*YOUR TASK*: Below are some records; copy them word for word and drop the pictures.

*RECORDS TO PROCESS*:
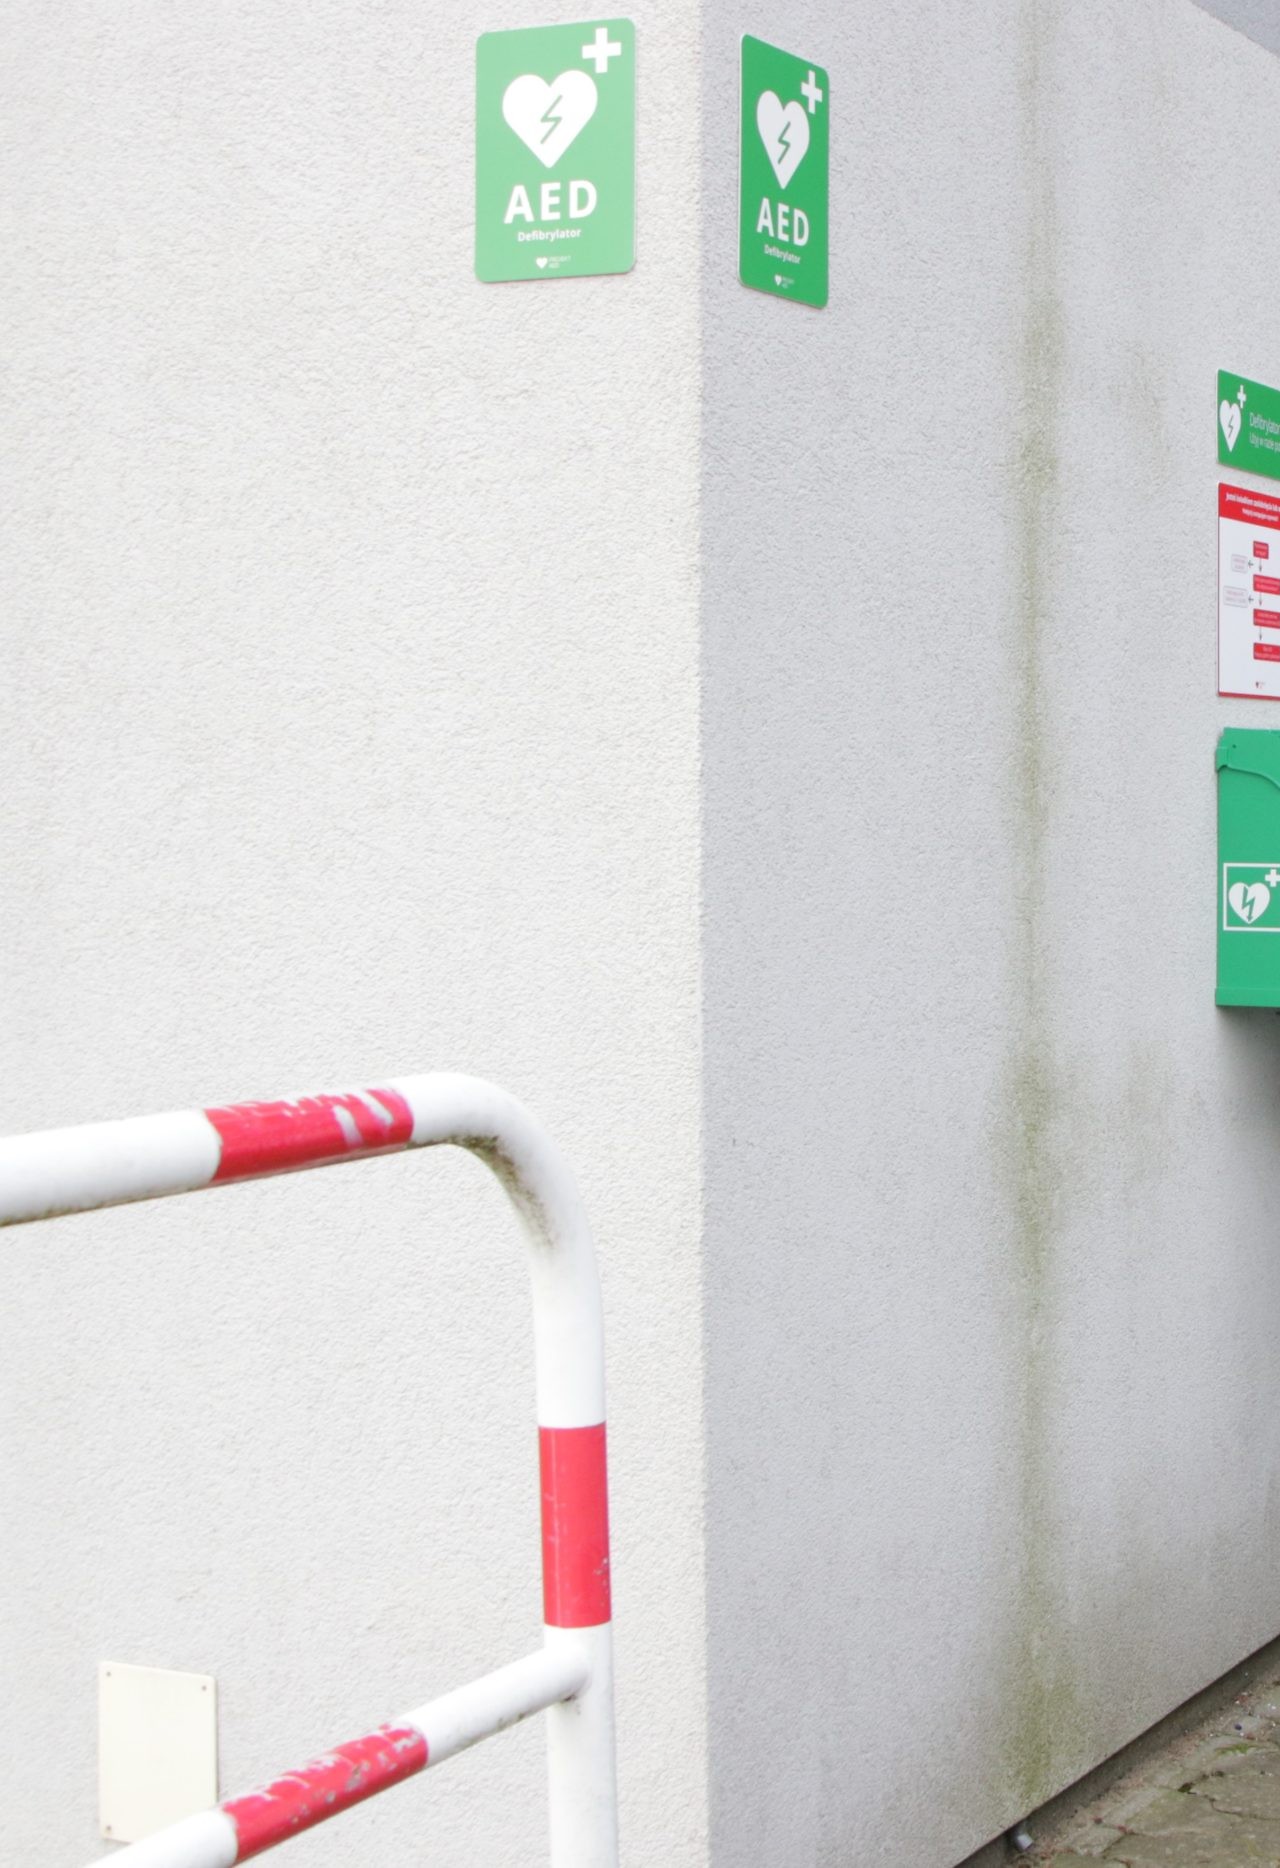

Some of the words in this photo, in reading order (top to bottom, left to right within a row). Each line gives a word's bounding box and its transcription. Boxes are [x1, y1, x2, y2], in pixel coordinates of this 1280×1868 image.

[503, 179, 597, 224] AED
[757, 197, 809, 247] AED
[518, 229, 581, 242] Defibrylator
[764, 244, 801, 264] Defibrylator
[1249, 412, 1280, 435] Defibrylator
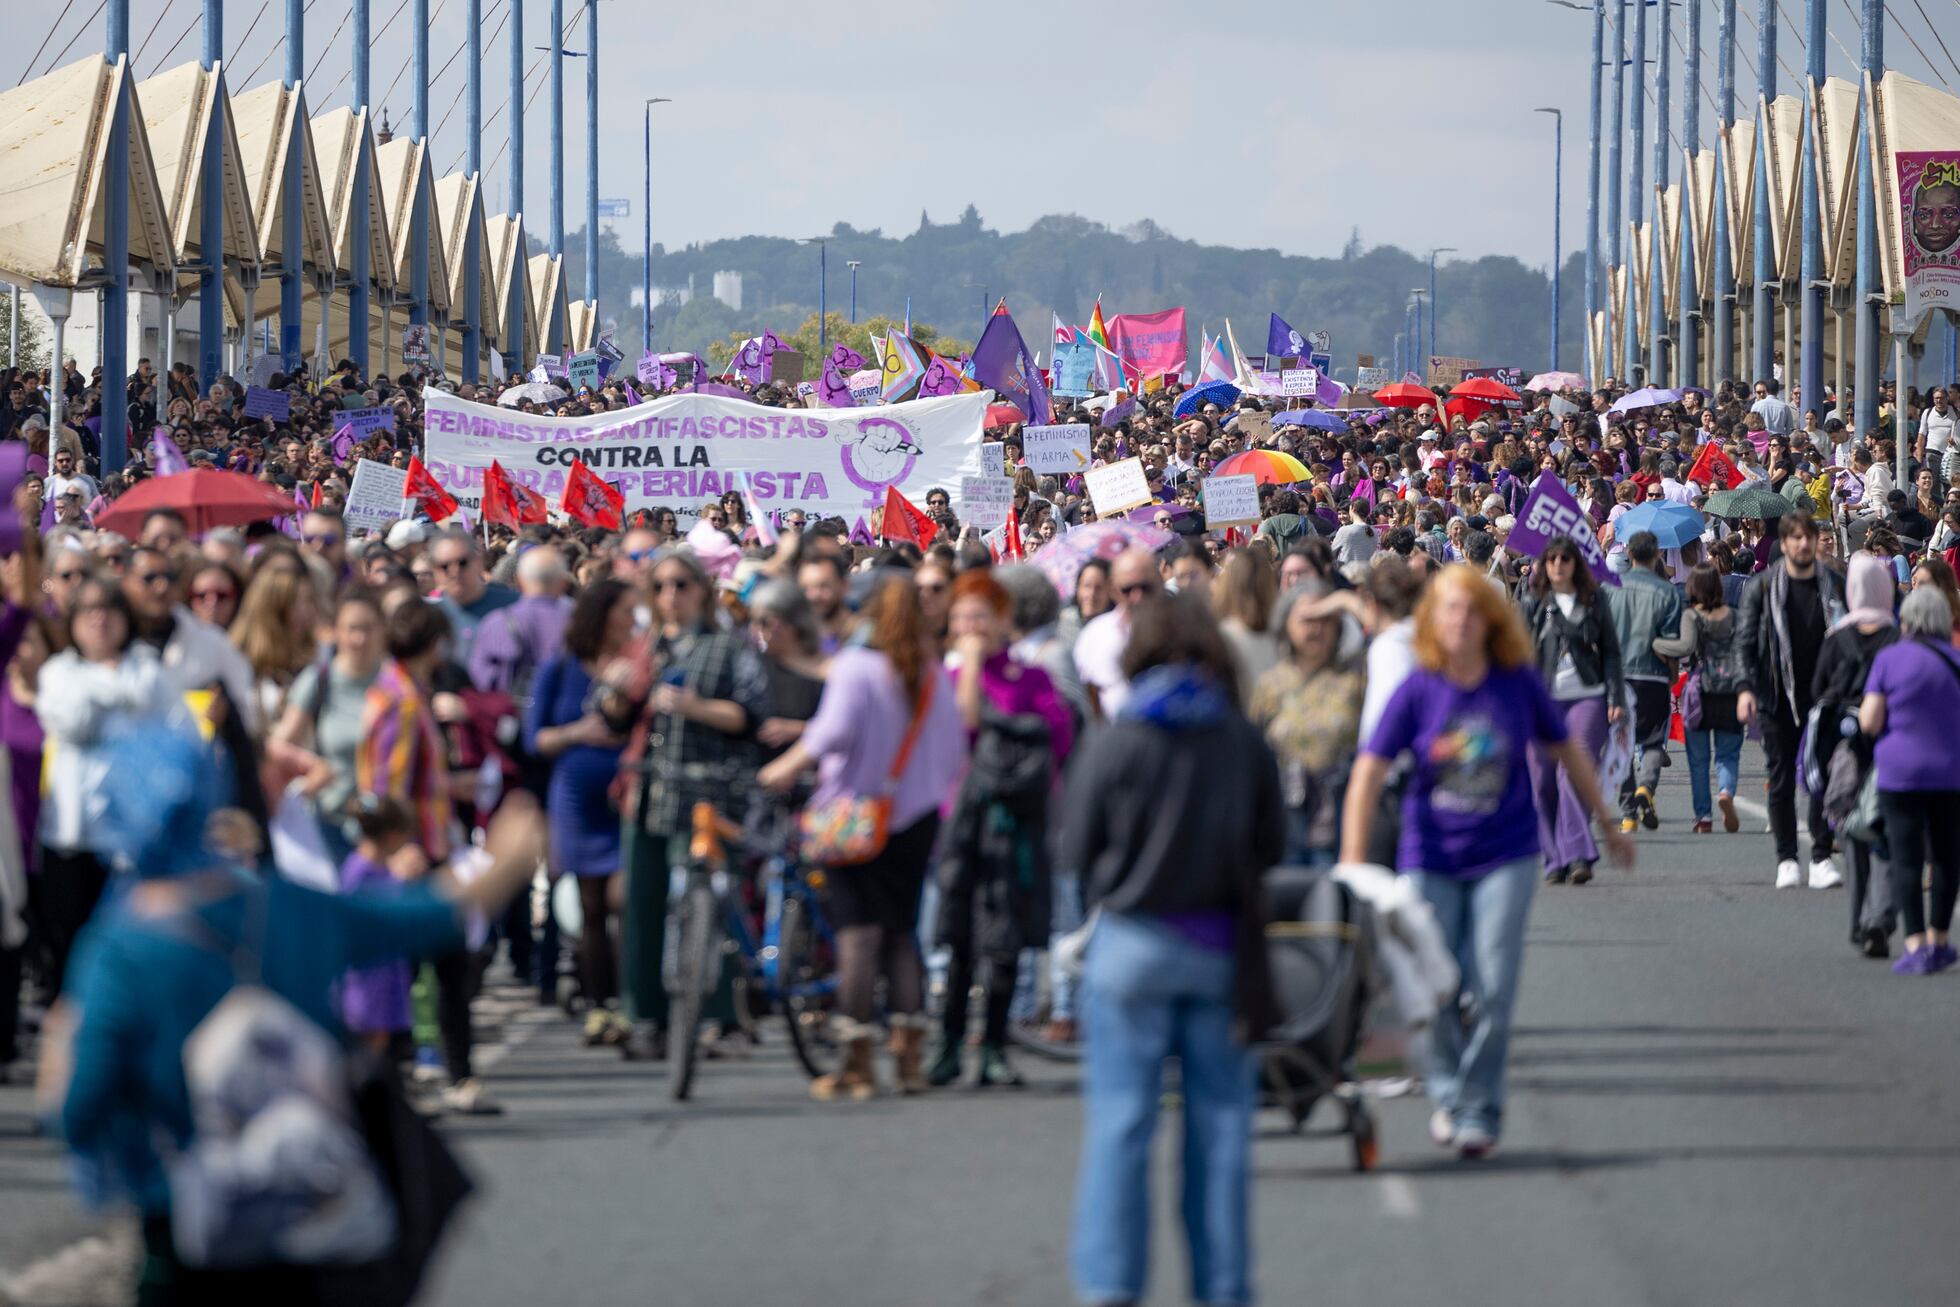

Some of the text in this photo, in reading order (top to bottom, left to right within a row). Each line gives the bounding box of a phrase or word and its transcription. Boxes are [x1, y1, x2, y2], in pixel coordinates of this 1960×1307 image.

[853, 385, 879, 398] CUERPO
[426, 408, 593, 443] FEMINISTAS
[602, 415, 829, 441] ANTIFASCISTAS
[536, 446, 711, 468] CONTRA LA
[982, 445, 1002, 456] UCHA
[1026, 451, 1071, 464] MI ARMA
[602, 469, 829, 499] PERIALSTA
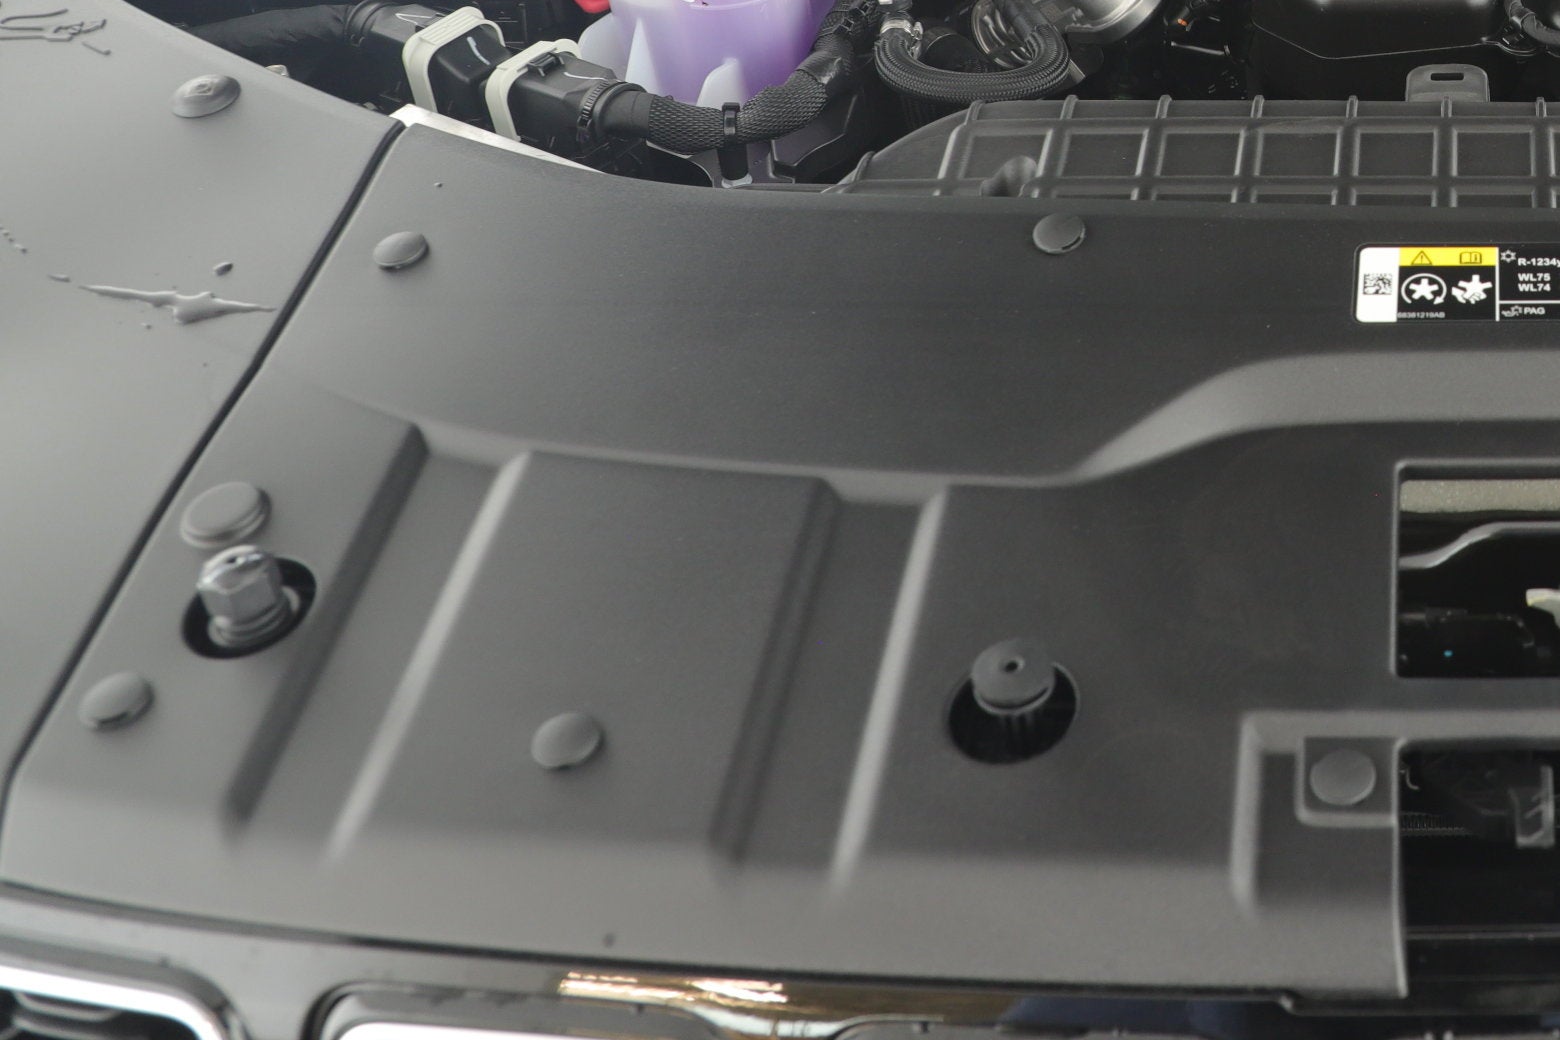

*WRITTEN SOLUTION*:
Some of the words in this photo, in reading order (top to bottom, left to right within a row). Each line gives a word's bounding box and its transcription. Boxes are [x1, y1, x2, y2], in pixel coordinates of this 1280×1868 image.

[503, 179, 597, 224] AED
[757, 197, 809, 247] AED
[518, 229, 581, 242] Defibrylator
[764, 244, 801, 264] Defibrylator
[1249, 412, 1280, 435] Defibrylator

Some of the text in this photo, in reading order (top to bottom, left to right within a row). Each line gives the bounding box of a phrase or word and its transcription. Boxes are [x1, y1, x2, y2], in pixel coordinates of this 1960×1307 image.

[853, 385, 879, 398] CUERPO
[426, 408, 593, 443] FEMINISTAS
[602, 415, 829, 441] ANTIFASCISTAS
[536, 446, 711, 468] CONTRA LA
[982, 445, 1002, 456] UCHA
[1026, 451, 1071, 464] MI ARMA
[602, 469, 829, 499] PERIALSTA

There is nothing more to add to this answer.